Heidelberg 30 June 2025. We recently studied cases of IOL exchange and in April this year published our results in Scientific Reports, the peer-reviewed open-access journal published by Nature Portfolio:
Henningsen N, Khoramnia R, Auffarth GU, Köppe MK, Łabuz G, Yildirim TM. Visual and refractive outcome, higher order aberrations and complications following intraocular lens exchange in eyes without comorbidities. Sci Rep. 2025 Apr 23;15(1):14202. doi: 10.1038/s41598-025-98931-y. PMID: 40269218; PMCID: PMC12019354.
Background
In cases with severe IOL-related complications, IOL exchange is often the best treatment option. There is limited published data on the impact of this procedure on refractive outcomes and intra- and postoperative complications, particularly in patients with otherwise healthy eyes.
What did we do?
We investigated the refractive outcome of IOL exchange surgery, including corneal aberrations, and assessed the influence of different IOL characteristics on intraoperative and postoperative complications.
Our methods
We conducted a prospective clinical study that included 35 eyes with homogeneous IOL calcification and no other ocular pathologies. We measured the eyes’ corrected distance visual acuity (CDVA) using the Pentacam AXL Wave (Oculus Optikgeräte GmbH, Wetzlar, Germany), comparing target refraction to the postoperative spherical equivalent. Corneal topography and lower- and higher-order aberrations were assessed preoperatively and 3 months postoperatively.

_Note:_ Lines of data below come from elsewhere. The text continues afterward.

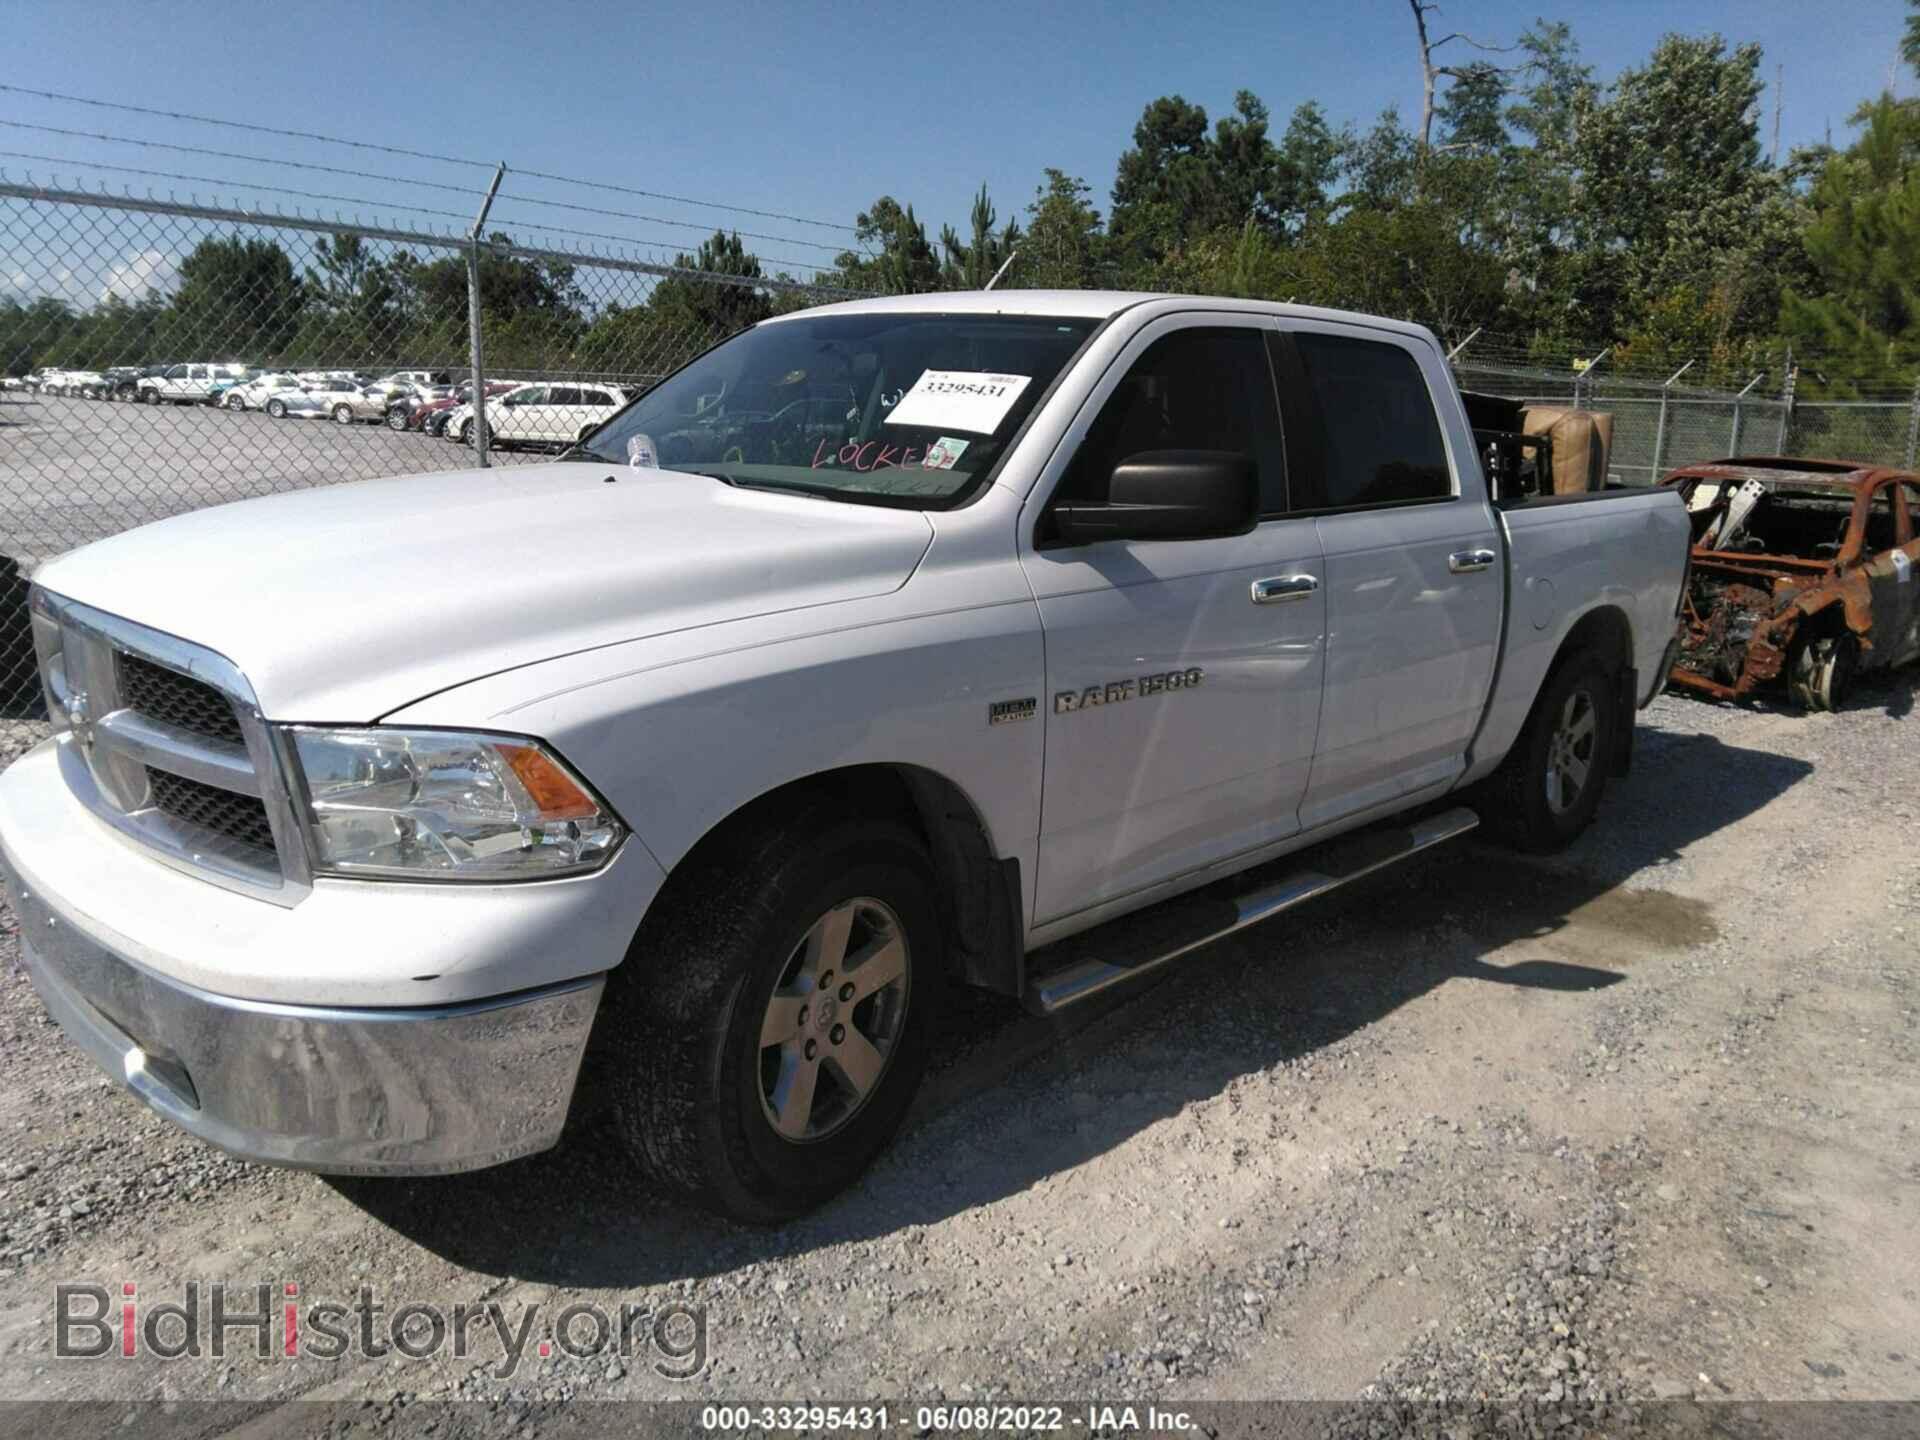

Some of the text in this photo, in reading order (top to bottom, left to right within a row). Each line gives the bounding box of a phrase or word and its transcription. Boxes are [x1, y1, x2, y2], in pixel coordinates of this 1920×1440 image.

[921, 382, 1007, 398] 33295431
[812, 438, 948, 471] LOCKED
[1055, 667, 1205, 714] RAM 1500
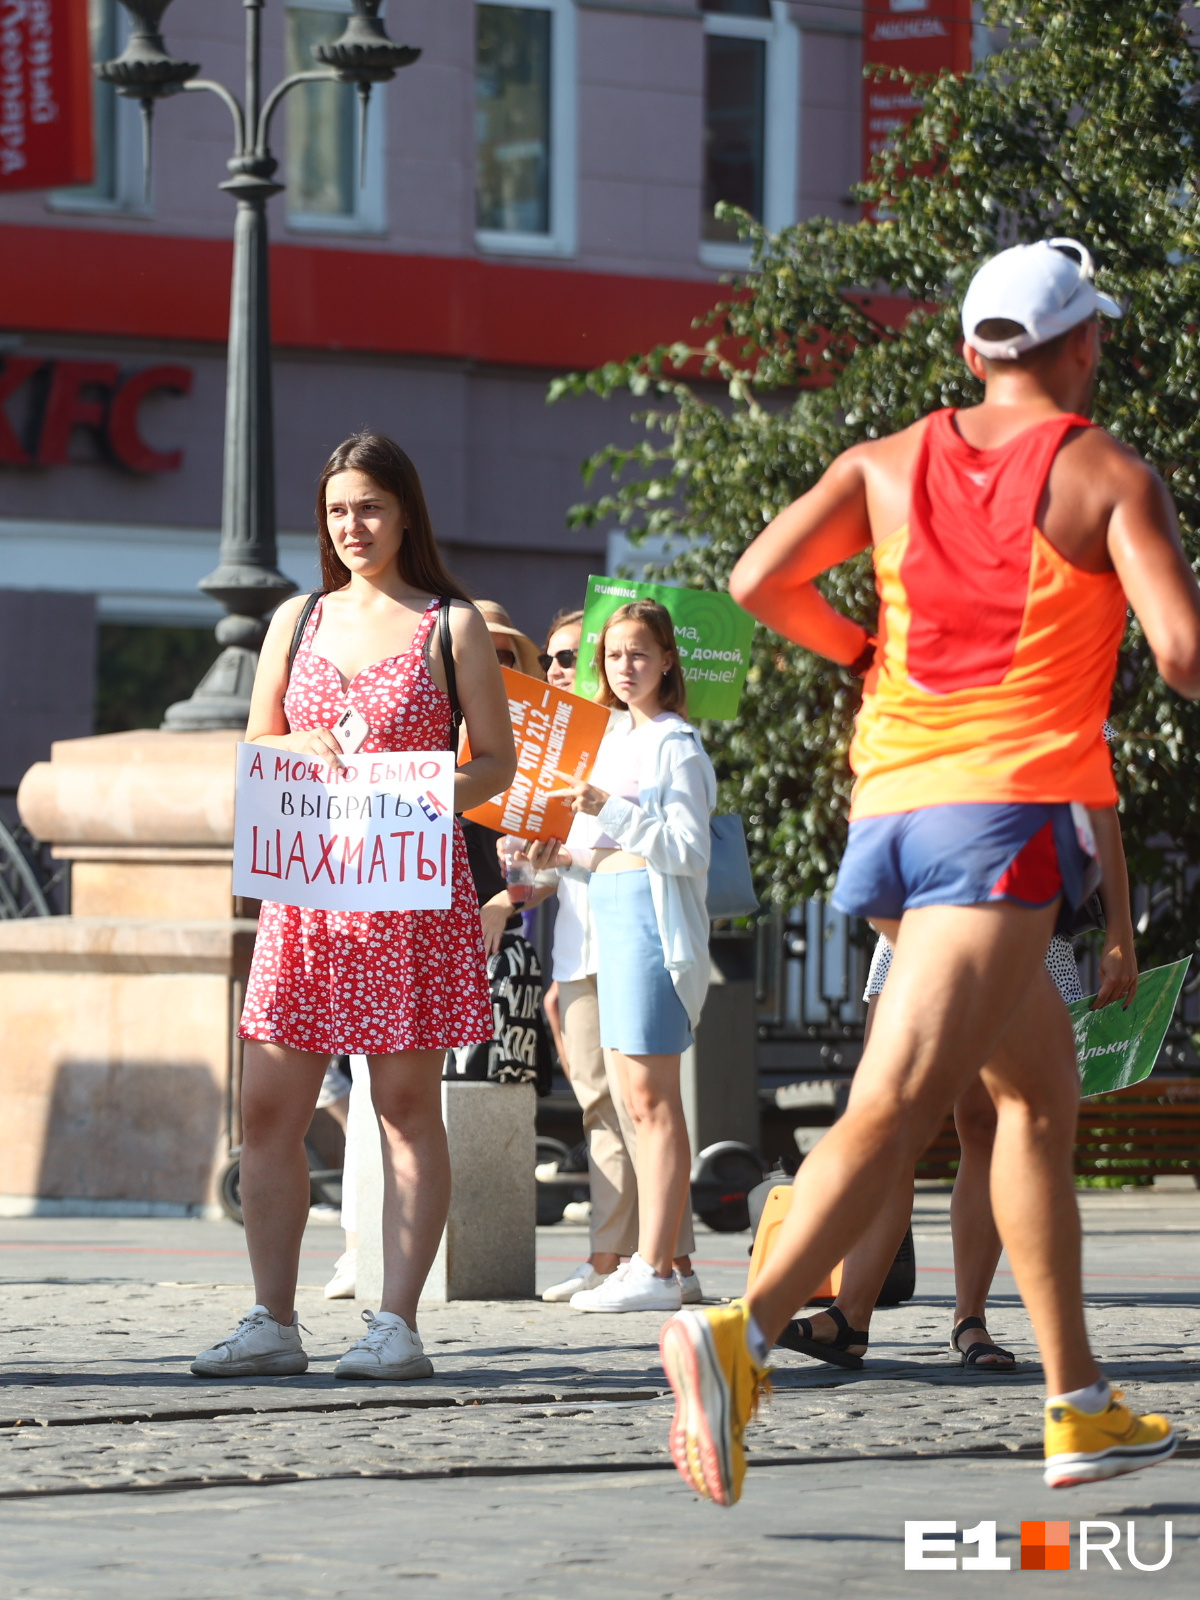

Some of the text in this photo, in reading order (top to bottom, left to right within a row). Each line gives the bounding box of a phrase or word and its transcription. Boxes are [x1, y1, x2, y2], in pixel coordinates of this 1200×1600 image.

[594, 583, 638, 600] RUNNING
[690, 648, 745, 666] домой,
[525, 708, 552, 742] 21,2
[249, 752, 264, 780] А
[368, 760, 441, 785] БЫЛО
[517, 740, 543, 772] ЧТО
[525, 700, 574, 833] ЭТО УЖЕ СУМАСШЕСТВИЕ
[281, 791, 413, 820] ВЫБРАТЬ
[500, 770, 534, 833] ПОТОМУ
[250, 825, 447, 887] ШАХМАТЫ

- Photo montages of a. before IOL exchange and b after IOL exchange
We also recorded intraoperative and postoperative complications and compared these complications between different IOL characteristics.
Our results
The secondary IOL in 53% of cases, was a retropupillary iris-fixated Artisan Aphakia (Ophtec BV, Groningen, Netherlands), 37% had a sulcus-fixated AR40e (Johnson & Johnson Vision, Irvine, USA), and 10% received a capsular bag IOL. The CDVA improved from 0.16 ± 0.14 to 0.07 ± 0.14 logMAR (p = 0.04). In most cases, the target refraction was within ± 1.0 D (Artisan: 71%, AR40e: 90%, Capsular: 100%). IOL exchange did not induce relevant change in corneal aberrations. Anterior (81%) and posterior (78%) vitrectomy were performed in most cases.

- Corneal aberrations at 3mm and 5mm The graphs show Corneal lower and higher order aberrations (LOA/ HOA), horizontal and vertical astigmatism (Z2 2, Z2 -2), coma (Z3 1, Z3 -1), trefoil (Z3 3, Z3 -3) and spherical aberrations (Z4 0) pre- and post-operative for the 3 mm and 5 mm zone. Mean values in Diopter (D) with standard deviation.

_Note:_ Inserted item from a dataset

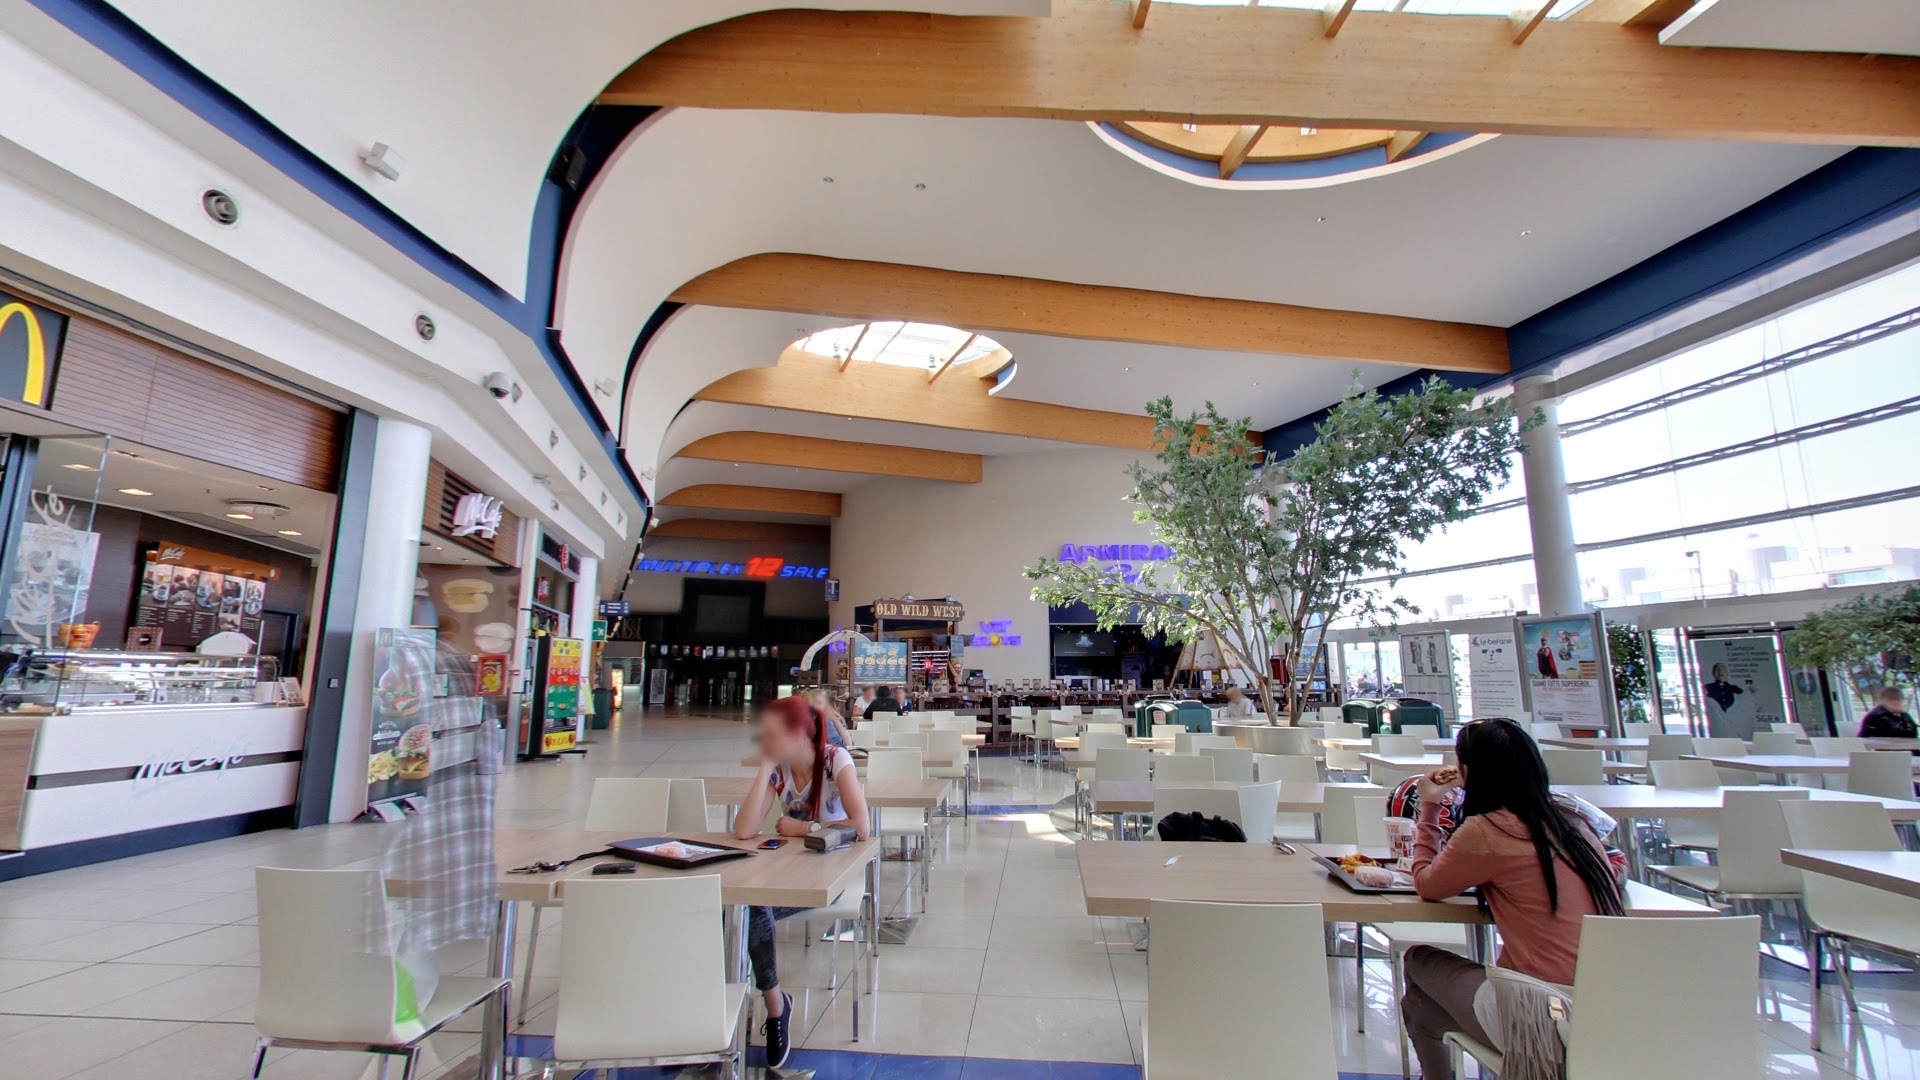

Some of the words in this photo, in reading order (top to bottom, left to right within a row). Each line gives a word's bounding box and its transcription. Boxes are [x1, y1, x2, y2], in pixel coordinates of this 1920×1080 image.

We noted that the haptic design of the primary IOL did not affect intra- or postoperative complications.
Our Conclusions
Although exchanging an IOL involves greater surgery compared to the initial IOL implantation, visual and refractive outcomes are generally good, and the exchange does not cause a significant change in aberrations. Intra- and postoperative complications are mostly mild and resolve without sequelae.